Log in or register to post comments
61 Comments

It's not a question that matters unless you are trying to increase the value of your work; however, have you noticed how the vast majority of landscape photography looks the same?

They’re all photographs of planet Earth, so it’s a bit difficult to change things *that* radically.

By extension, all classical Western music sounds the same because it’s all based on the same twelve notes.

Let me rephrase; Marc Adamus did it first, then everyone else did it. Style on social media is largely driven by a feedback loop betweeen artists and viewers.

I am inclined to suggest if you view a photograph as nothing more than a representation of the subject depicted then you are incabable of comprehending any question pertaining to photographic art.

Modern Landscape mostly looks like fake, Video Game type imagery. Disgusting. I will stick with the old masters where at least the photos look real, and not "fantasy art" of some kind.
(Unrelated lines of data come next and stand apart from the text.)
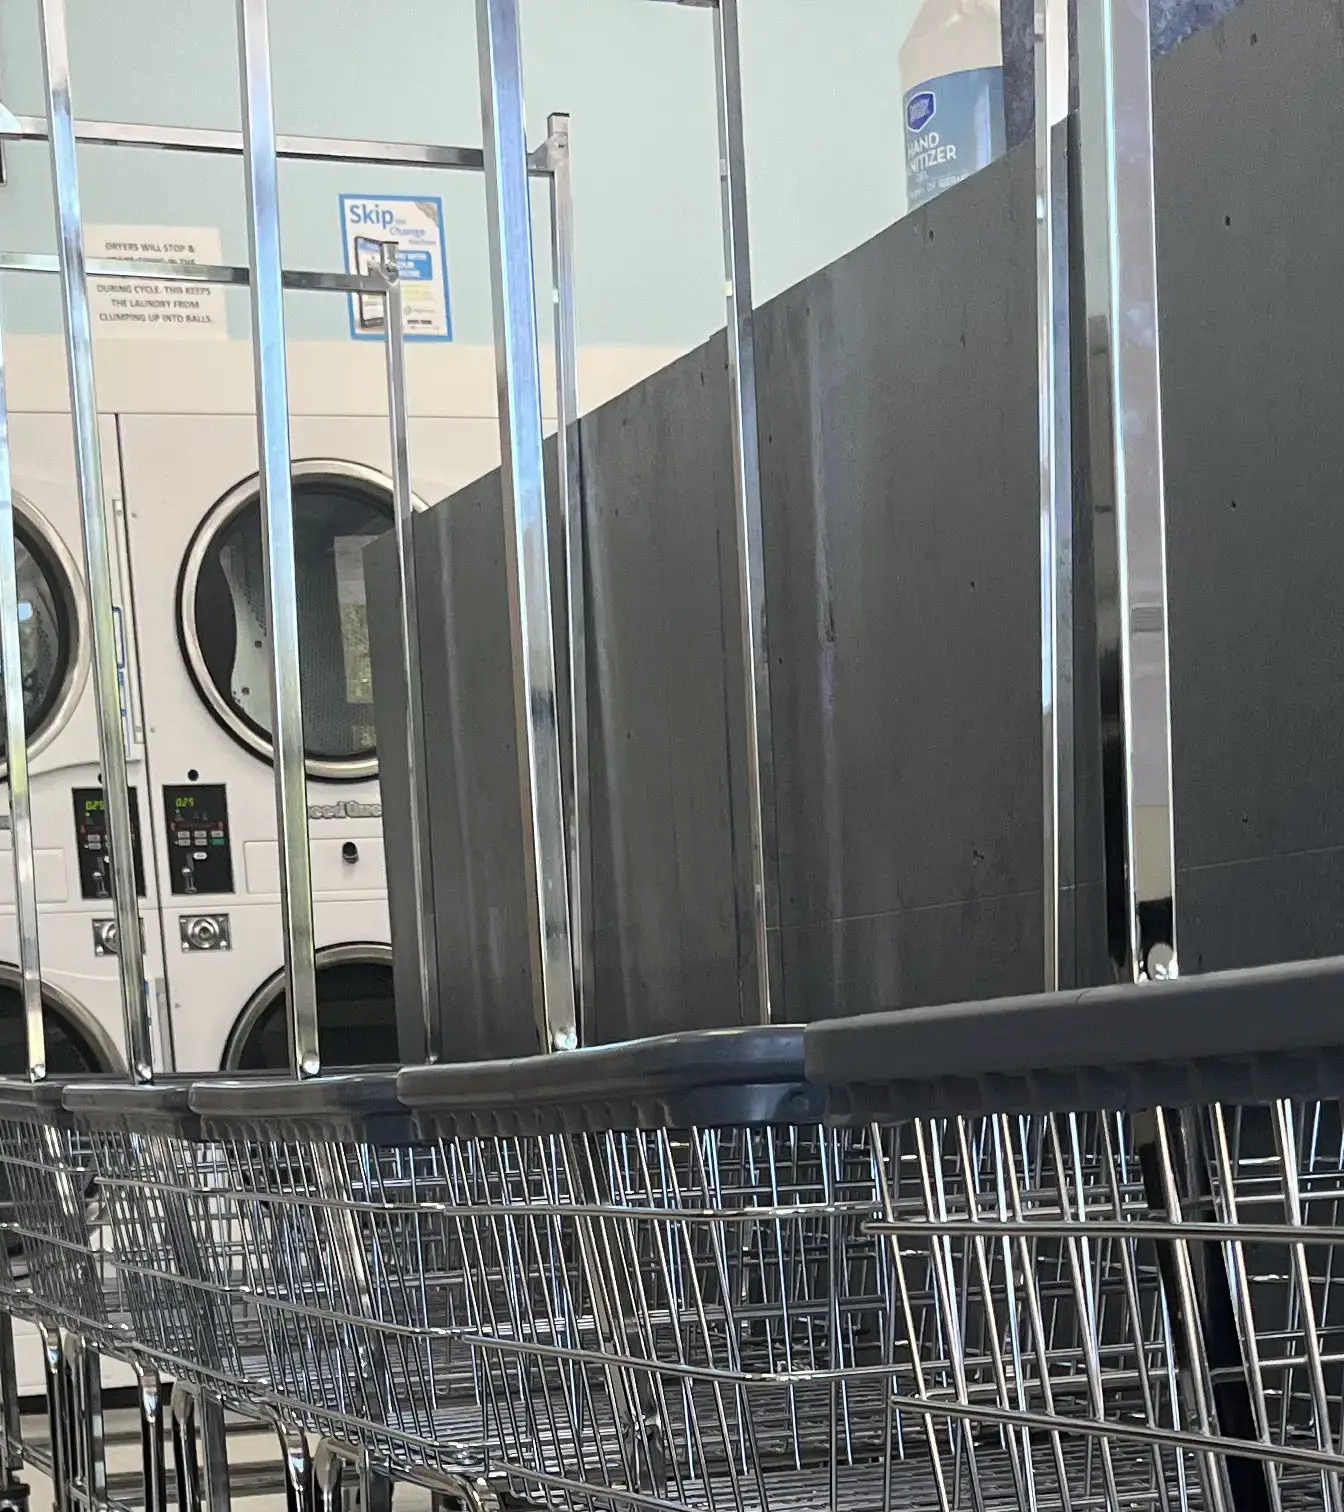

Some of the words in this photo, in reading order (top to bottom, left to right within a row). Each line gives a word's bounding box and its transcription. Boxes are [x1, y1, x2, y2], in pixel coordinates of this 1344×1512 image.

[350, 203, 394, 230] Skip
[141, 243, 162, 252] WILL
[164, 243, 186, 252] STOP
[97, 284, 132, 293] DURING
[186, 287, 211, 295] KEEPS
[111, 299, 128, 308] THE
[130, 299, 171, 308] LAUNDRY
[173, 300, 200, 309] FROM
[99, 313, 146, 322] CLUMPING
[148, 313, 160, 322] UP
[162, 314, 184, 322] INTO
Well I don't think the question is whether it's art or not.
It is art for sure, there is no technical rule defining art.
Photography on the other end has a definition, and when you're starting to blend together various time of days and adding other stuff like birds, lightnings, nonexisting lights etc you aren't taking a photograph anymore, you are composing an image which might look good, might be art, but it's not a photo, it's a work of graphic design.

Sadly landscape photography is more and more victim of editing abuse, it started with stuff that could be justified for the purpose of going beyond the camera limits (like HDR and bracketing) but it now "evolved" (or involved?) to time of day blending, focal lenght blending, shameles stretching of landscape features in Photoshop etc... and the worst thing is whan said manipulations are hidden from the viewer which thinks he's looking at a real landscape and then builds an unrealistic expectaion that makes hard to appreciate simpler real landscape photo that aren't made on a computer.
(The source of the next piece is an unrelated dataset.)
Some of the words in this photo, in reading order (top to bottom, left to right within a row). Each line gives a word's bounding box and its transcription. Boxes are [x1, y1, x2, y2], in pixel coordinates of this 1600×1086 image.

How can Paulo say that? It's there in your definition of photography: painting with light. Once you start compositing, stretching, blending, etc in photoshop, you are painting with PIXELS, not light. What about Ansel Adams and his heavy manipulation of landscapes in the darkroom? He was dodging and burning and therefor still painting with light. What about Gary Ulesman who composites his landscapes in the darkroom? It could be argued that he is still panting with light. But if Ulesman were to start using photoshop to create his art, it would drift further and further away from actually being "photography".

I think that's a drastic exaggeration. Not all manipulation changes things to the same degree. And I think it is completely rational that at a certain degree the manipulation has extended into the realm of digital art, passing limits of photography. Not recognising that is just a justification for an unnecessary categorisation. Just call it what it is, digital art.

I mean, why even take a photo if you're going to manipulate the picture so heavily? Taking things from other photos is just adding things that aren't there. Why not just draw mountains, fake an ocean? All manipulation is valid, right? Is something completely created using graphic design considered photography? No, it's art. So why would something that starts with a photo but uses similar methods to produce its results be considered photography rather than art?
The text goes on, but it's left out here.